Each record that follows should be duplicated exactly, except for its pictures.

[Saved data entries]

== Segment start ==

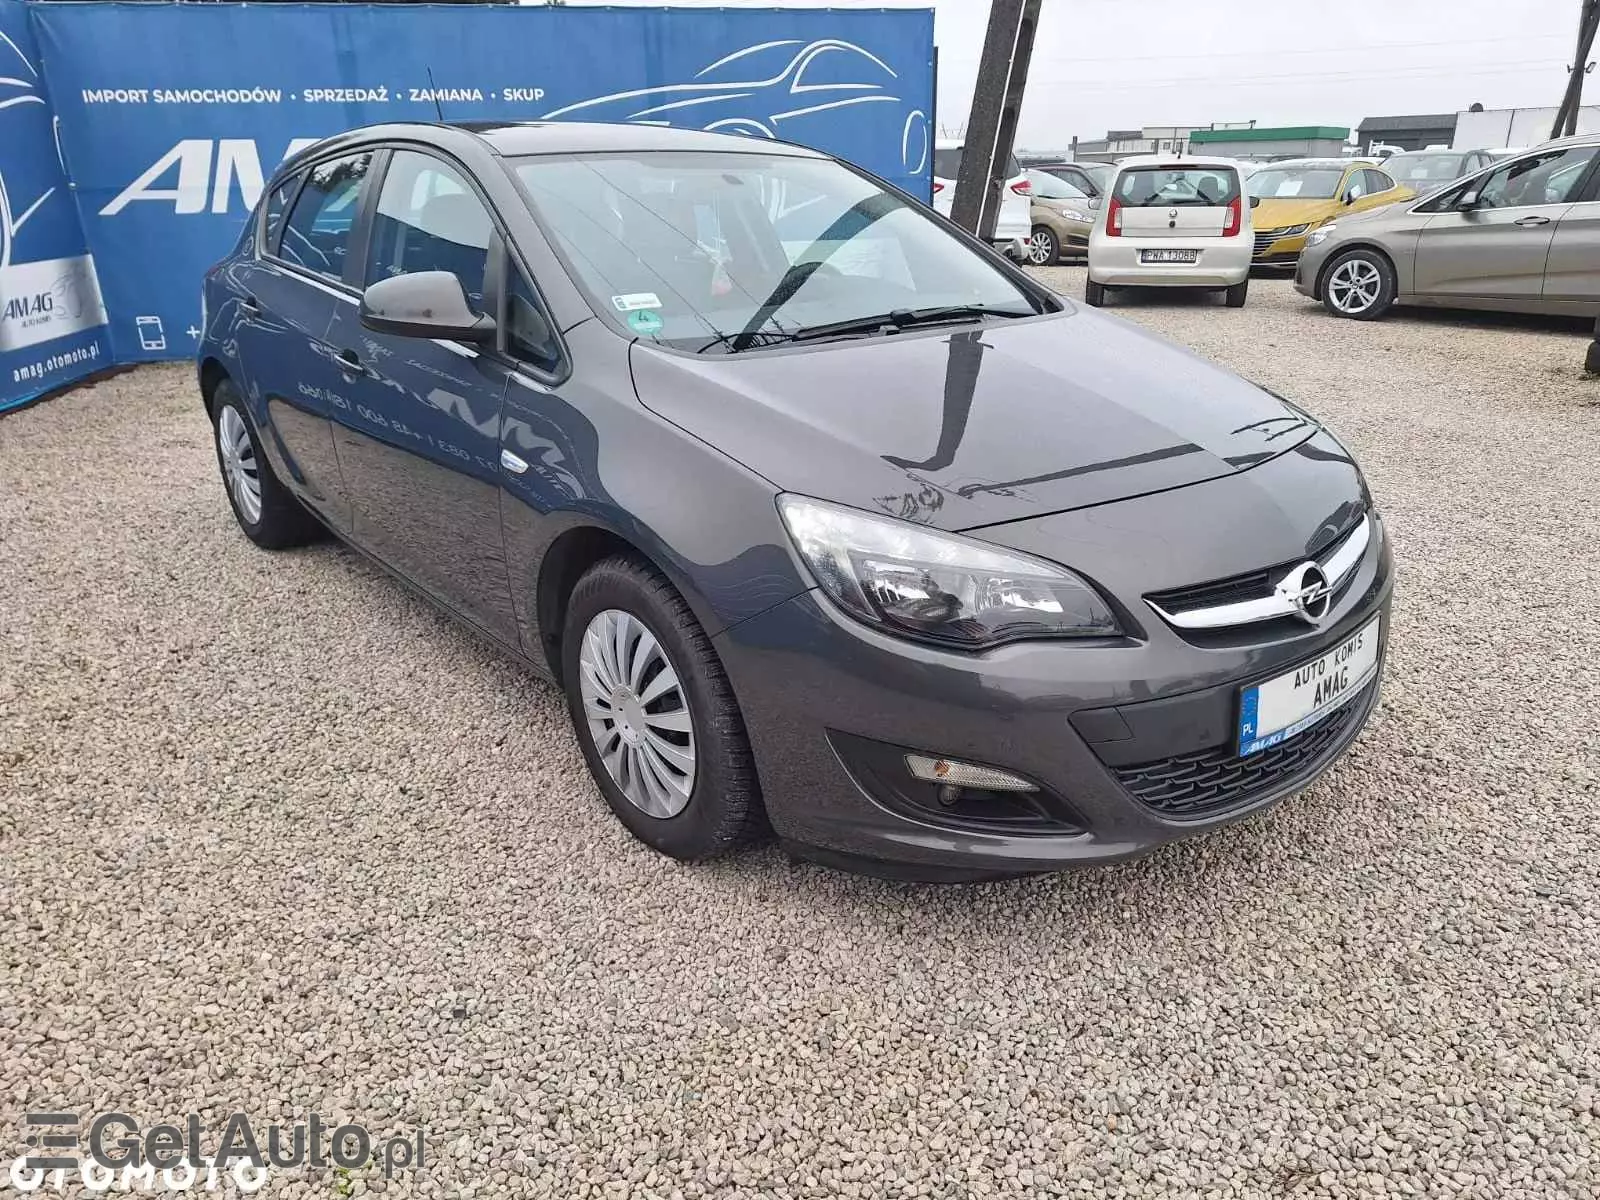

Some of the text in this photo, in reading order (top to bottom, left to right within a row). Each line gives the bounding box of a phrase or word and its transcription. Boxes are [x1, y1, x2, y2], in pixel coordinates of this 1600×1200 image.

[82, 85, 544, 103] IMPORT SAMOCHODÓW SPRZEDAŻ ZAMIANA SKUP
[13, 342, 100, 383] amag.otomoto.pl
[1294, 659, 1326, 689] AUTO
[1335, 633, 1362, 666] KOMIS
[1313, 666, 1348, 709] AMAG
[1242, 721, 1254, 737] PL
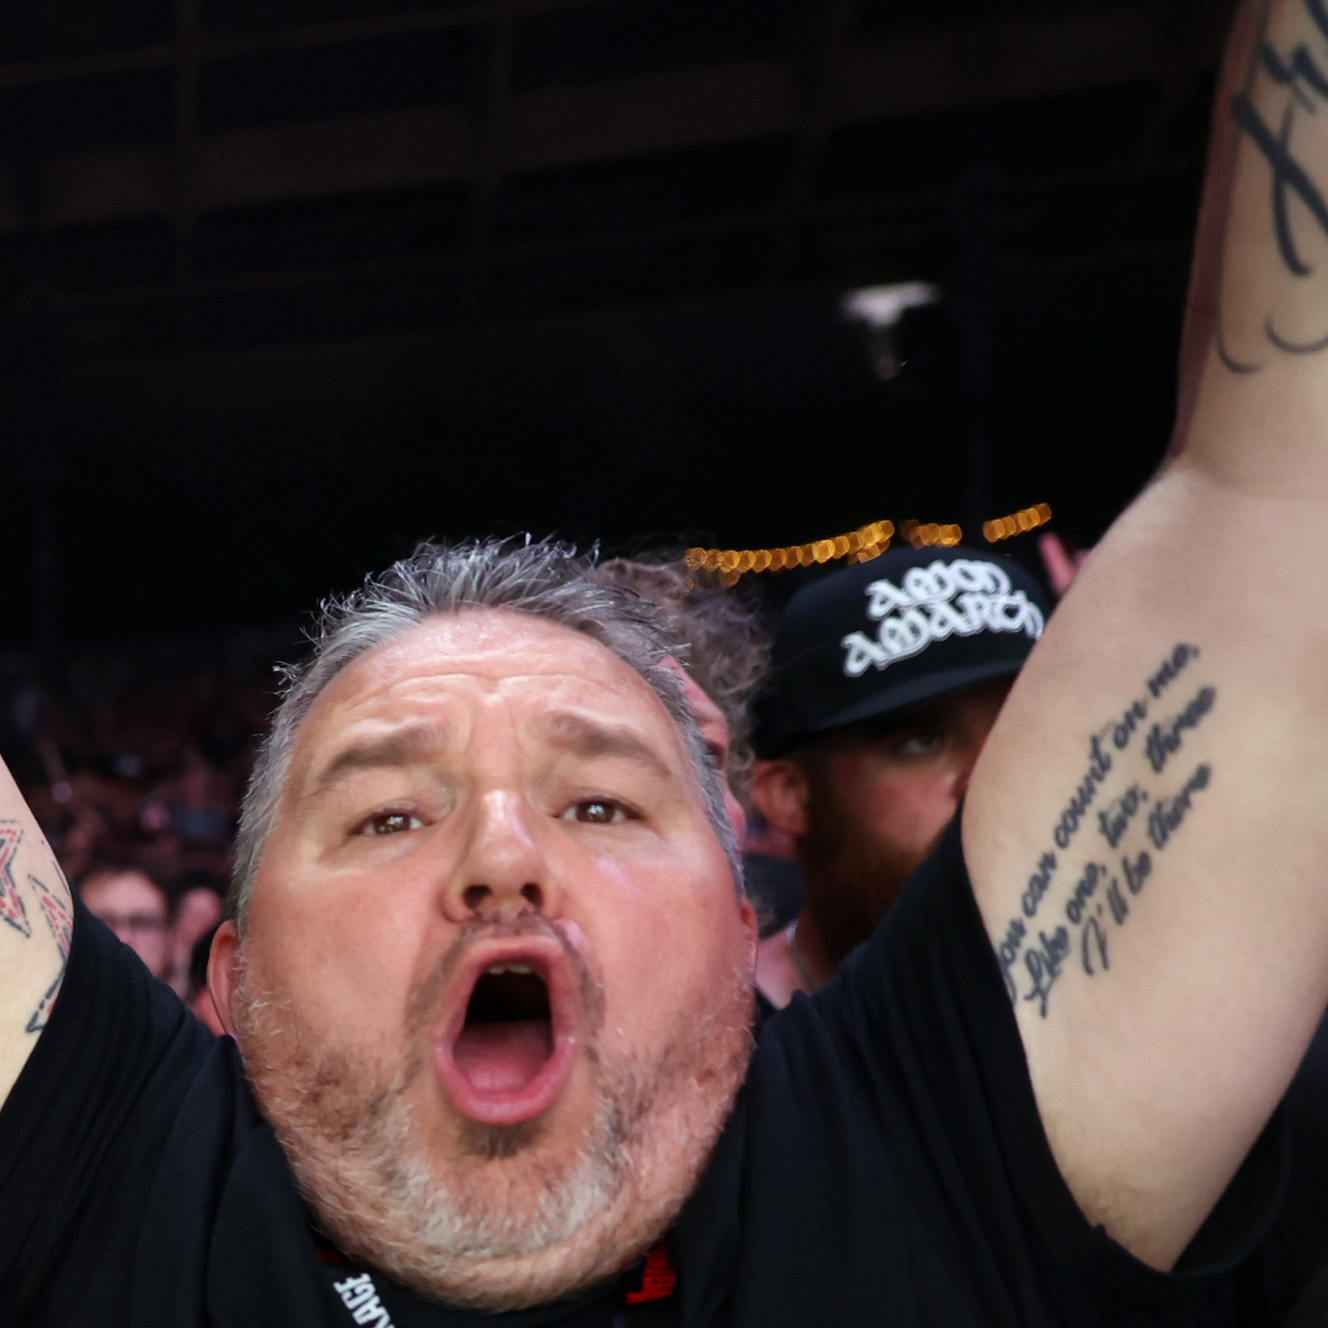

== Segment end ==

> Exercise response
Some of the text in this photo, in reading order (top to bottom, left to right within a row). Each line gives the bounding box of a phrase or word and its transcription. Boxes are [x1, y1, x2, y2], in pixel coordinates of this 1600×1200 image.

[82, 85, 544, 103] IMPORT SAMOCHODÓW SPRZEDAŻ ZAMIANA SKUP
[13, 342, 100, 383] amag.otomoto.pl
[1294, 659, 1326, 689] AUTO
[1335, 633, 1362, 666] KOMIS
[1313, 666, 1348, 709] AMAG
[1242, 721, 1254, 737] PL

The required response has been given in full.